Biological ID mapping is inherently one-to-many. A gene symbol can
correspond to multiple UniProt accessions (reviewed and unreviewed entries,
isoforms of different genes sharing a symbol). A UniProt accession can map
to multiple Ensembl gene IDs when gene models differ between databases.
omnipath-utils returns set[str] to reflect this reality.
The mapper also handles the messy details: outdated secondary UniProt accessions, versioned Ensembl and RefSeq identifiers, case-variant gene symbols, CURIE prefixes, and confused miRNA precursor/mature forms. When no direct mapping table exists, it chains through UniProt as an intermediate (e.g. Entrez → UniProt → Ensembl).
Python API¶
Core functions¶
All functions are available from omnipath_utils.mapping:
from omnipath_utils.mapping import (
map_name,
map_names,
map_name0,
translate,
translation_table,
id_types,
)
map_name -- translate a single identifier¶
def map_name(
name: str,
id_type: str,
target_id_type: str,
ncbi_tax_id: int | None = None,
raw: bool = False,
backend: str | None = None,
) -> set[str]
Returns all target identifiers matching the input. Empty set if no mapping is found.

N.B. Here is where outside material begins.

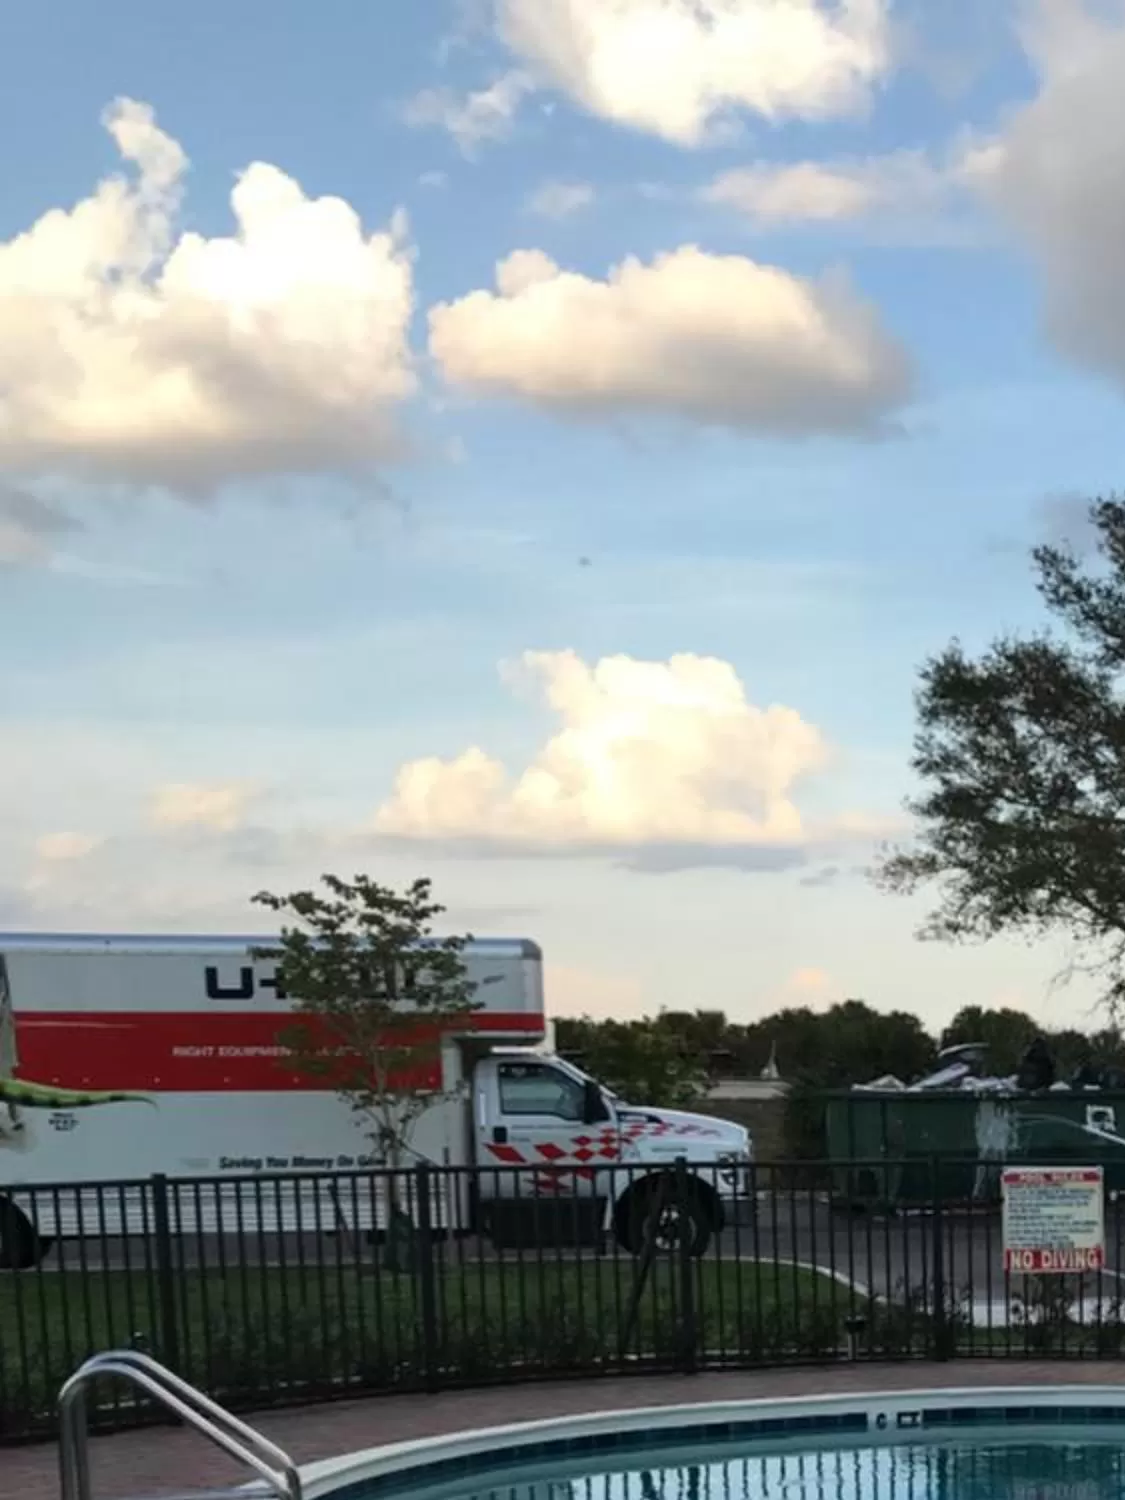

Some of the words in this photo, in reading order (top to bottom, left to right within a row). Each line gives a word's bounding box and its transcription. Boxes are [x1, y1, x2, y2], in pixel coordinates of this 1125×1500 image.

[172, 1045, 213, 1057] RIGHT
[1010, 1250, 1034, 1269] NO
[1041, 1249, 1098, 1268] DIVING

map_name('TP53', 'genesymbol', 'uniprot')
# {'P04637'}
map_name('P04637', 'uniprot', 'genesymbol')
# {'TP53'}
map_name('TP53', 'genesymbol', 'ensg')
# {'ENSG00000141510'}
map_name('HMDB0000122', 'hmdb', 'chebi')
# {'15903'}
map_names -- translate multiple, return union¶
def map_names(
names: Iterable[str],
id_type: str,
target_id_type: str,
ncbi_tax_id: int | None = None,
raw: bool = False,
backend: str | None = None,
) -> set[str]
Translates each input identifier individually and returns the union of all results. Useful when you need a flat set of targets and do not need to know which input produced which output.
map_names(['TP53', 'EGFR', 'BRCA1'], 'genesymbol', 'uniprot')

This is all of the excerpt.